[Image-backed grounding data]

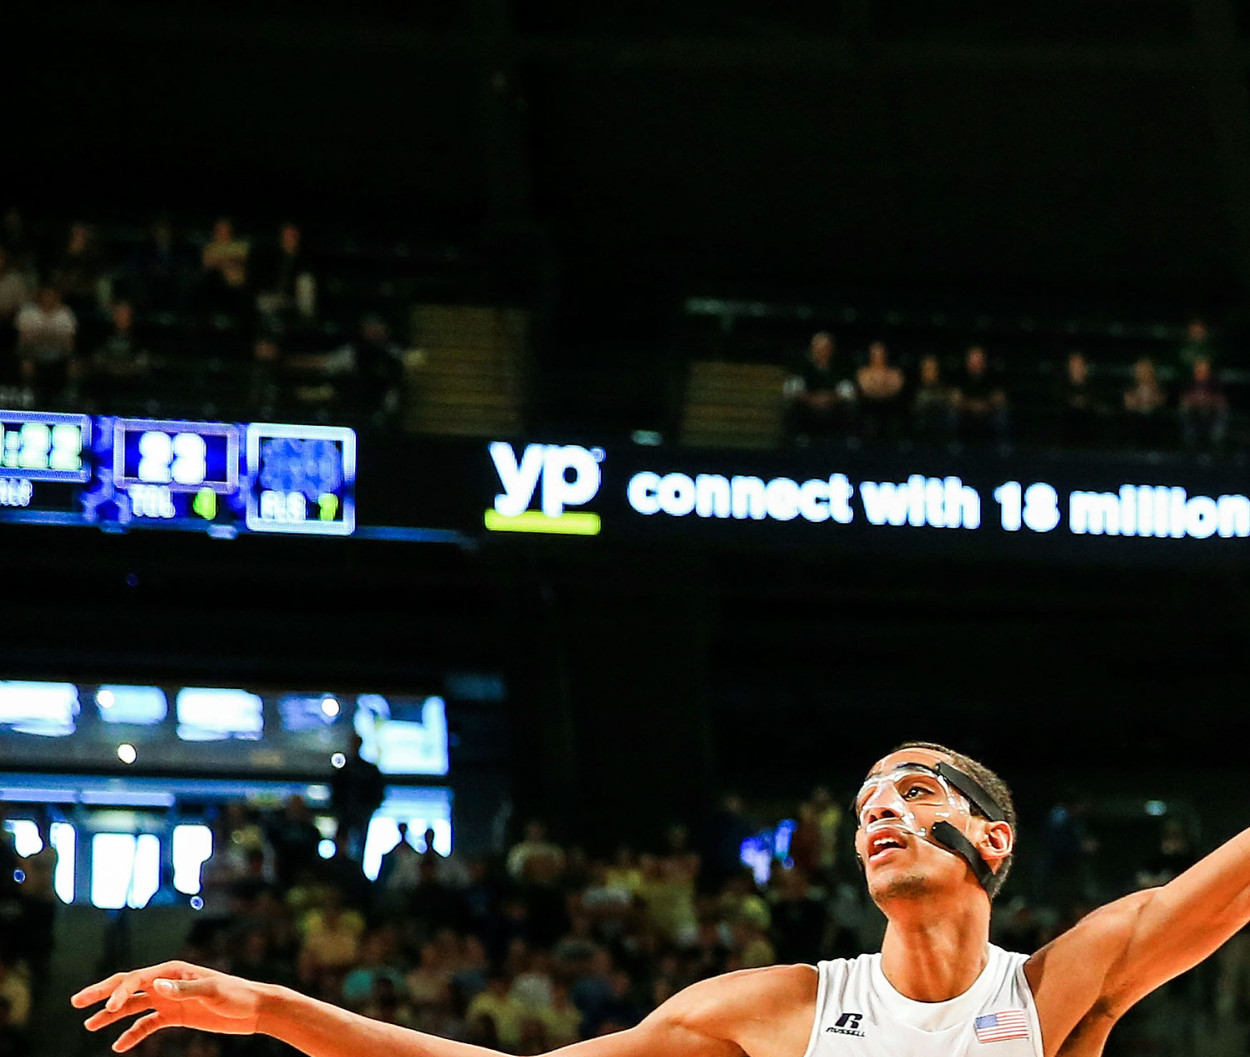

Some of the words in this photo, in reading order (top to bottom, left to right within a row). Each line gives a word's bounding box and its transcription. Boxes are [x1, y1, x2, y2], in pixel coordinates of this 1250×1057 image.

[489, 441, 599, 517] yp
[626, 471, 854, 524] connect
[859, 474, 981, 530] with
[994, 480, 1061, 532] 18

## [ACTIVITY]
Produce an exact reprint of the entries, dropping the images.

## [FINISHED EXERCISE]
Some of the words in this photo, in reading order (top to bottom, left to right within a row). Each line gives a word's bounding box and its transcription. Boxes are [x1, y1, x2, y2], in pixel coordinates of this 1250×1057 image.

[489, 441, 599, 517] yp
[626, 471, 854, 524] connect
[859, 474, 981, 530] with
[994, 480, 1061, 532] 18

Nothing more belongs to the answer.